In a case brought before the Lyon CAA by our firm, the tax judge reiterated his commitment to the median of an arm's length interval for assessing an indirect profit transfer. In this case, the company's margin fell below the first quartile of an interval made up of some thirty references. This was all it took for the tax authorities to consider that a transfer pricing anomaly was affecting the company's profitability, and consequently to adjust its net margin to the median of the panel.
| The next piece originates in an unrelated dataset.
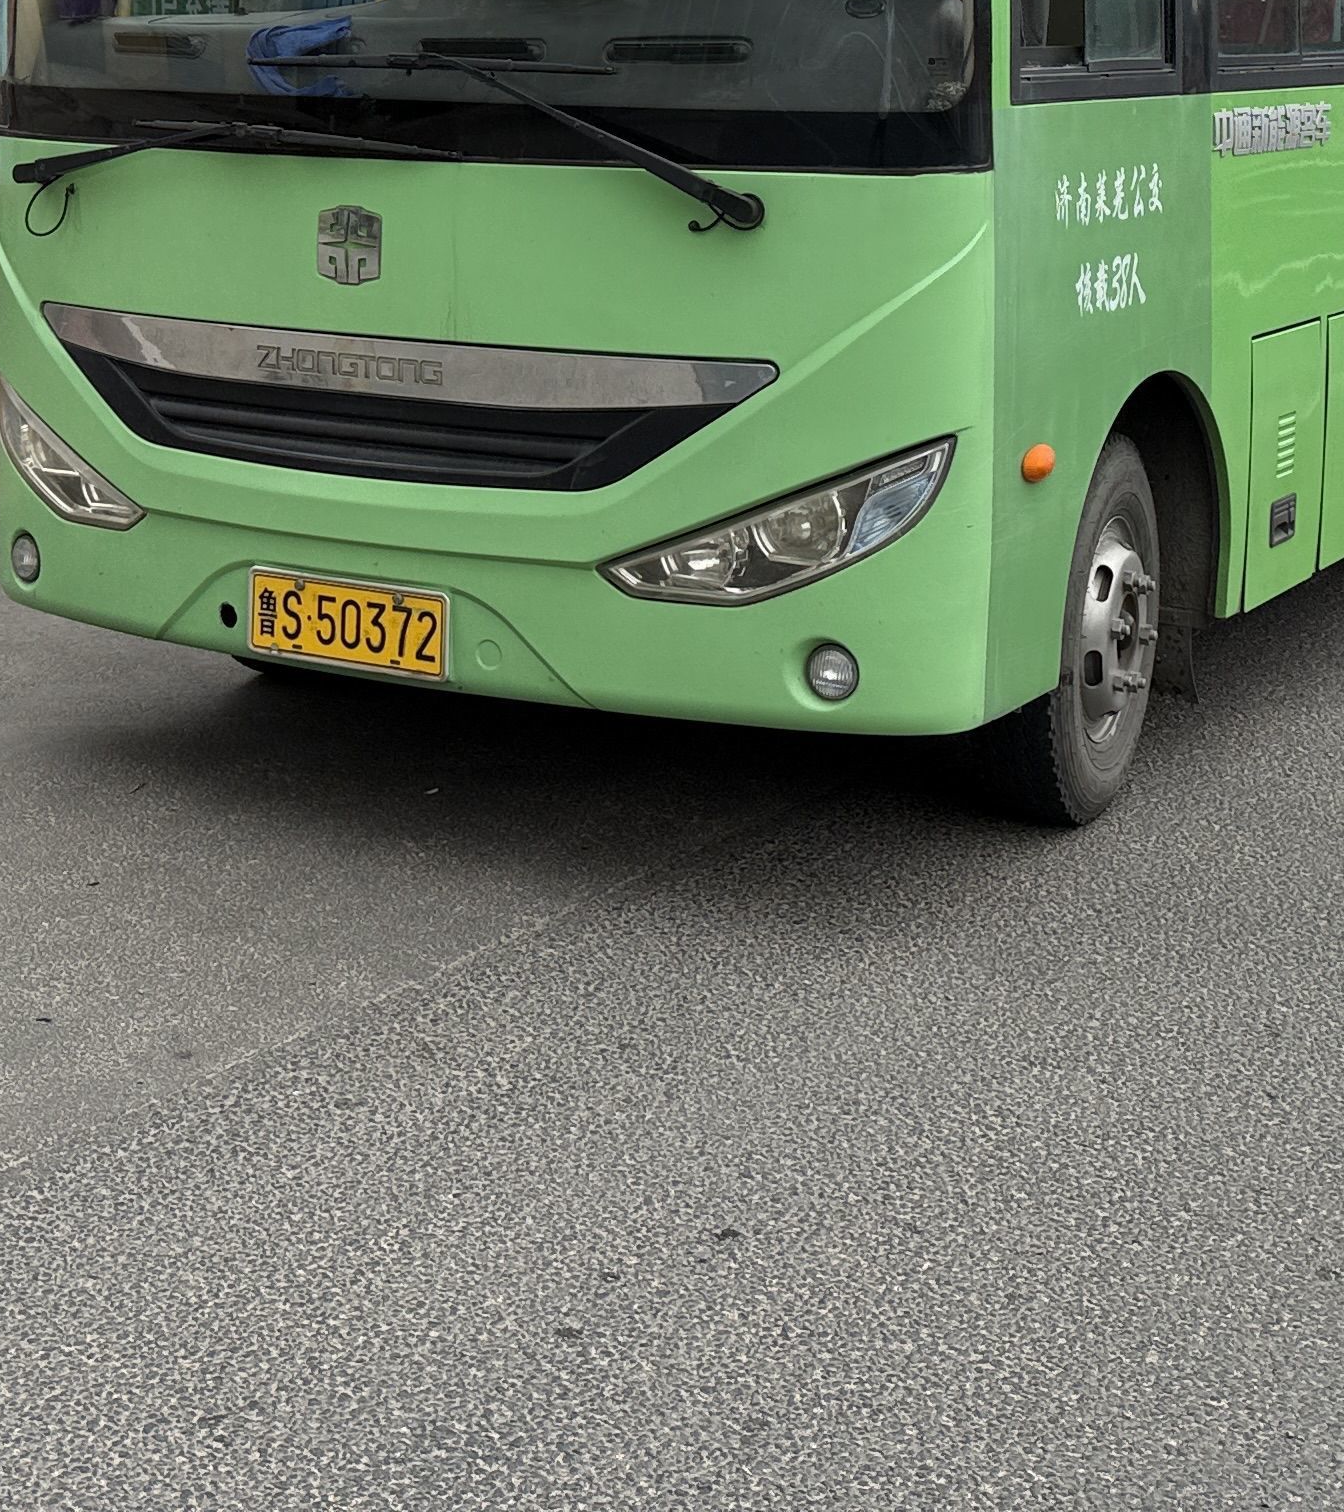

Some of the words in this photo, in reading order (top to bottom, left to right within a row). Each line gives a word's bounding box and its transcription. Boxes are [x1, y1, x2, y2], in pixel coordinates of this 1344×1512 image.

[1213, 101, 1332, 157] 中通新能源客车
[1055, 162, 1163, 229] 济南莱芜公交
[257, 345, 442, 385] ZHONGTONG
The Lyon Administrative Court endorsed this approach, repeating almost verbatim the operative part of the GE Medical system ruling and considering that "in the circumstances of the case, the median [...], which makes it possible to limit the margins of approximation in relation to a point situated at one or other of the extreme limits of this interval, must be regarded as the point of the interval which best reflects the facts and circumstances of the transactions concerned" (Lyon Administrative Court, June 22, 2021, N°1909917 and 1910206).
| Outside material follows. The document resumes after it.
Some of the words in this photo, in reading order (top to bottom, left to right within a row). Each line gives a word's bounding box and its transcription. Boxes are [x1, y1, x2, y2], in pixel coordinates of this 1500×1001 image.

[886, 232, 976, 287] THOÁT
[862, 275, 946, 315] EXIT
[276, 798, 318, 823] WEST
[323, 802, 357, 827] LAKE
This recital continues to leave us stunned, as these two decisions are conspicuous by their failure to explain the "facts and circumstances" apparently so exceptional as to justify the administration's automatic assumption that the taxpayer must necessarily generate a higher margin than half of the companies deemed comparable. We therefore expressly asked the Lyon CAA to take a firm and explicit stance on this issue, both in our writings and at the hearing, in order to provide the clarity needed to ensure legal and tax certainty for taxpayers. However, the Lyon CAA noted that "the investigation revealed that the net margins generated on business flows with companies X and Y were not only lower than the lowest of the data in the arm's length interval, but also lower than the "extreme" minima of the sample observed. For its part, the claimant merely points out that the margins making up the first quartiles already place it above six companies in the two panels for 2010 and 2011, and that it is not clear from the investigation that the administration applied the median of the interquartile range automatically and without any assessment of the circumstances of the transactions concerned. The claimant, for its part, does not justify any specific circumstances making it possible to establish that the administration, in view of the transactions in dispute, should have deviated from this median margin".
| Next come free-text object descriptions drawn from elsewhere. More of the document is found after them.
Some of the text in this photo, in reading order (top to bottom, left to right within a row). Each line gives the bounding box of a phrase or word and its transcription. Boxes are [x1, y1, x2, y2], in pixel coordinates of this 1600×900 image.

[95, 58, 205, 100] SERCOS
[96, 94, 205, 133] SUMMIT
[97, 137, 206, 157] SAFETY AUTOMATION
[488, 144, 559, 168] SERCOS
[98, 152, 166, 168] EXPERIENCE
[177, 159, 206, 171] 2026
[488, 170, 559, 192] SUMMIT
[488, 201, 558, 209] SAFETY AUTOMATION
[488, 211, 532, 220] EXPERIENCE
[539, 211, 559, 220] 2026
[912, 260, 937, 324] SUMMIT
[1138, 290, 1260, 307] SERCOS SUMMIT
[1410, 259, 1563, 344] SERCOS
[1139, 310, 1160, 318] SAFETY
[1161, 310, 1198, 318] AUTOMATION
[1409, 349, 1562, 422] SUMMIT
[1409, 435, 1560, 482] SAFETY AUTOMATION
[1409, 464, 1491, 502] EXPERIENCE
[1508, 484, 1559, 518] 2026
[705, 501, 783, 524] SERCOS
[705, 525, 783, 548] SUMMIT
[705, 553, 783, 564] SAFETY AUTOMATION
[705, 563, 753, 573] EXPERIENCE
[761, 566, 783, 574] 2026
- We deduce the following from this decision:
The French tax authorities are confirmed in their automatic reference to the median of arm's length panels, whenever the taxpayer's remuneration deviates from this median. - It is up to the taxpayer to provide any factual, statistical, economic or other evidence to show that the tax authorities should have deviated from this median, given the transactions in dispute. In practice, this reverses the burden of proof onto the taxpayer, forcing him to produce a highly subjective analysis.
The Court's recital does, however, seem to contain a positive clue: if the taxpayer's margin already falls within the arm's length (interquartile) range, the system could be reversed, as the famous "facts and circumstances" would be different. Indeed, it was because the margin fell outside the range that the Court had to retain a target.